Task statement: Although the entries contain pictures, write out only their text, exactly as it stands.

--- START ---

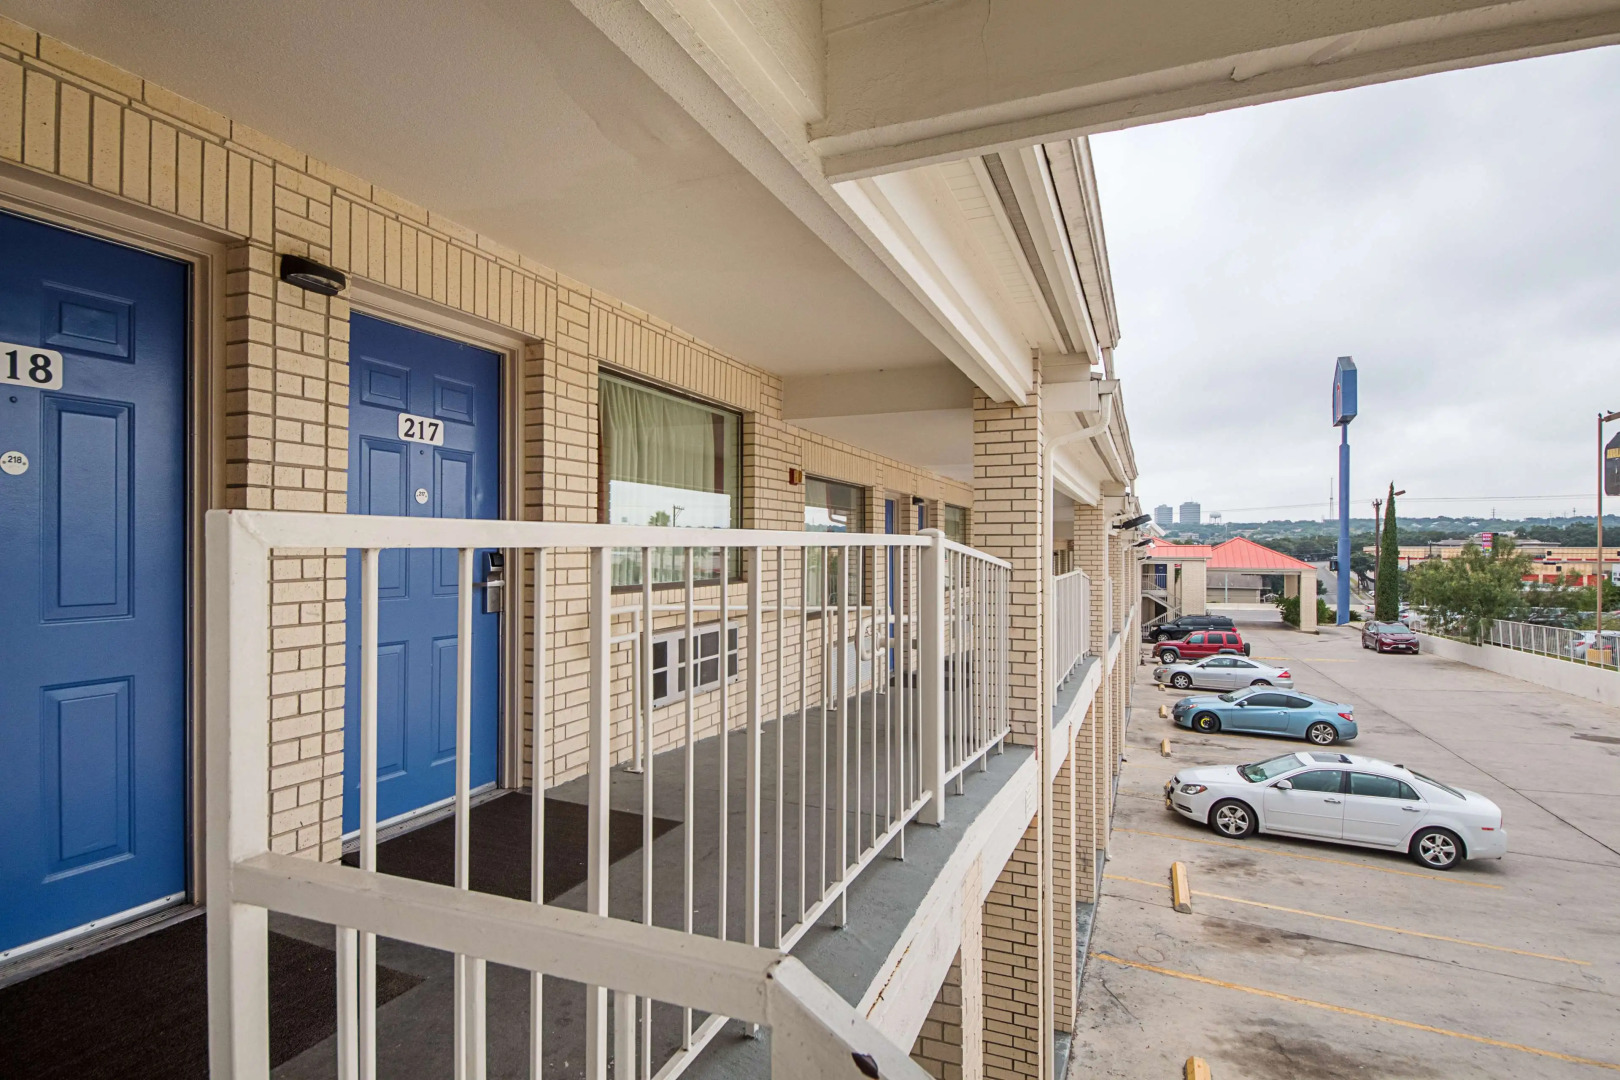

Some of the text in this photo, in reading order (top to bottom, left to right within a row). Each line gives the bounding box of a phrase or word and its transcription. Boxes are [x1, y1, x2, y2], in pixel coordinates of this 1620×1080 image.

[5, 350, 53, 383] 18
[404, 418, 439, 441] 217
[7, 455, 22, 463] 218
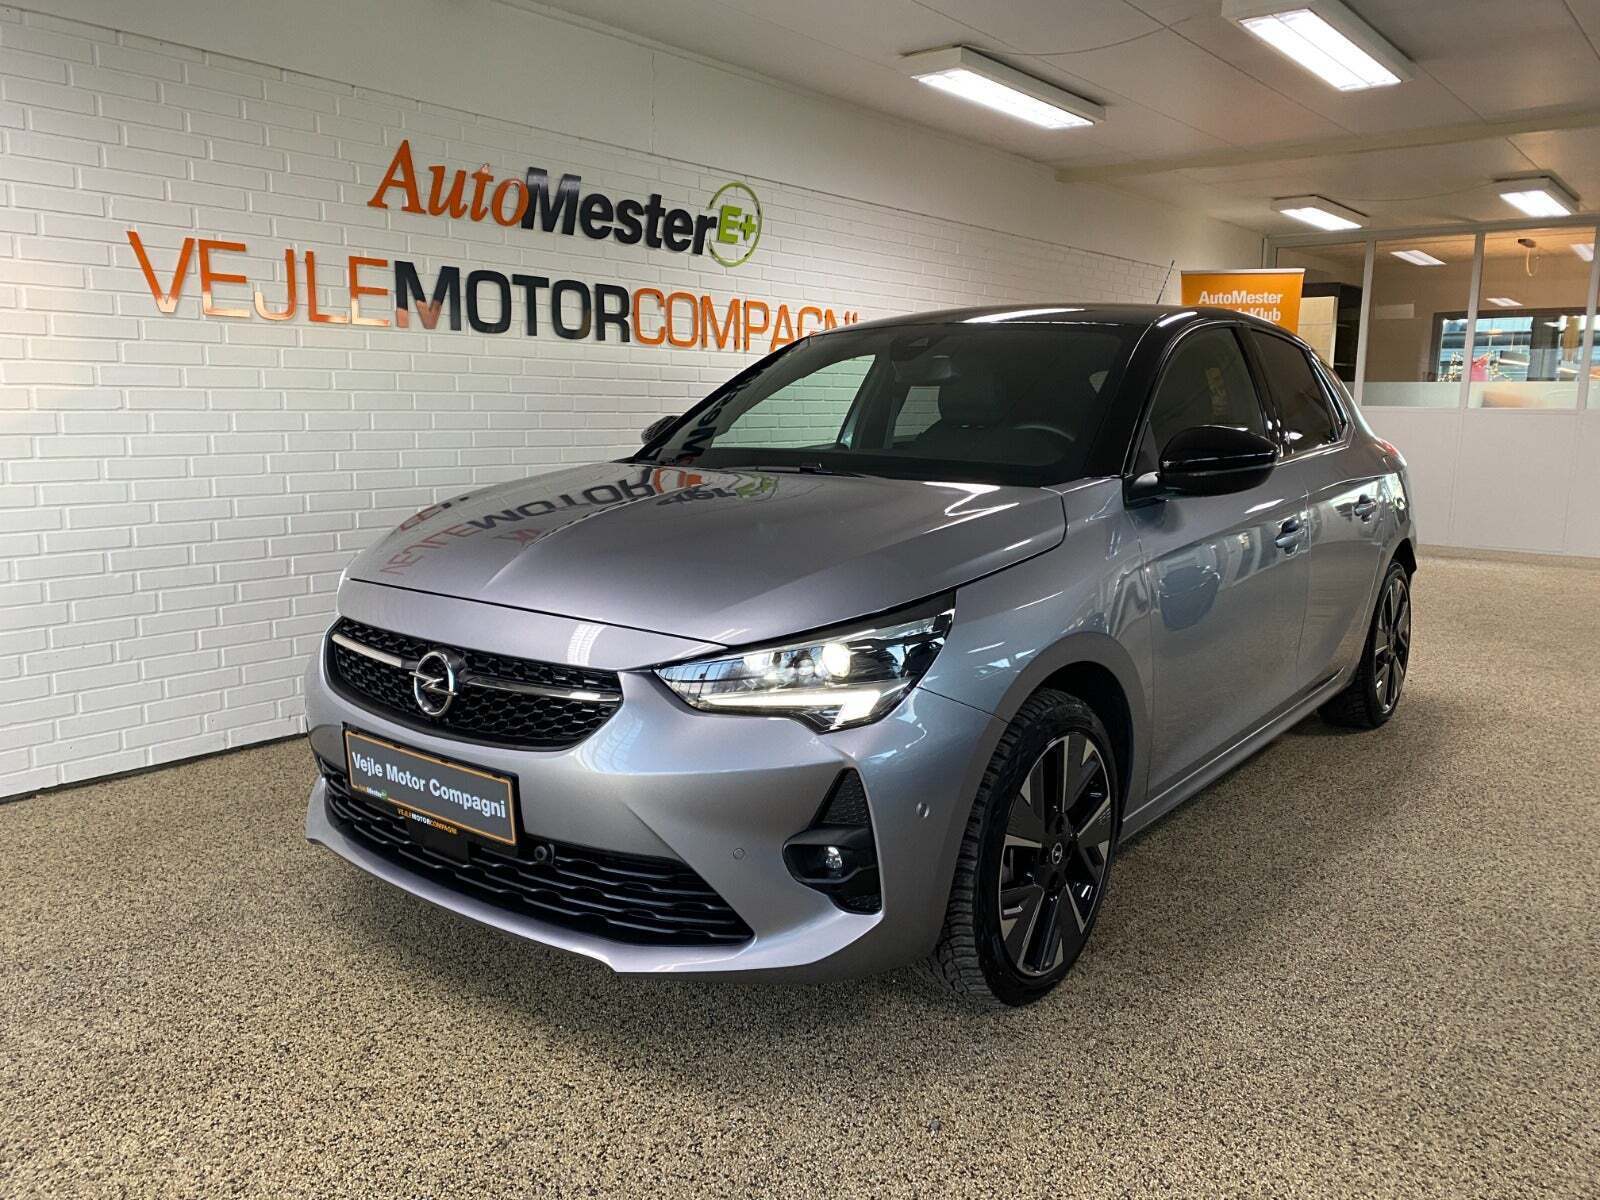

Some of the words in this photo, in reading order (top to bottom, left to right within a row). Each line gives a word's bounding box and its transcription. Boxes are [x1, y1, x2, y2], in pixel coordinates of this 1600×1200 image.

--- END ---

Completed task:
Some of the text in this photo, in reading order (top to bottom, left to right within a row). Each line gives the bounding box of a phrase or word and its transcription. Boxes are [x1, y1, x2, y2], in pixel coordinates of this 1620×1080 image.

[5, 350, 53, 383] 18
[404, 418, 439, 441] 217
[7, 455, 22, 463] 218

Some of the words in this photo, in reading order (top to bottom, left to right within a row). Each line gives a word's bounding box and its transcription. Boxes are [x1, y1, x2, y2], in pixel coordinates of this 1600×1200 image.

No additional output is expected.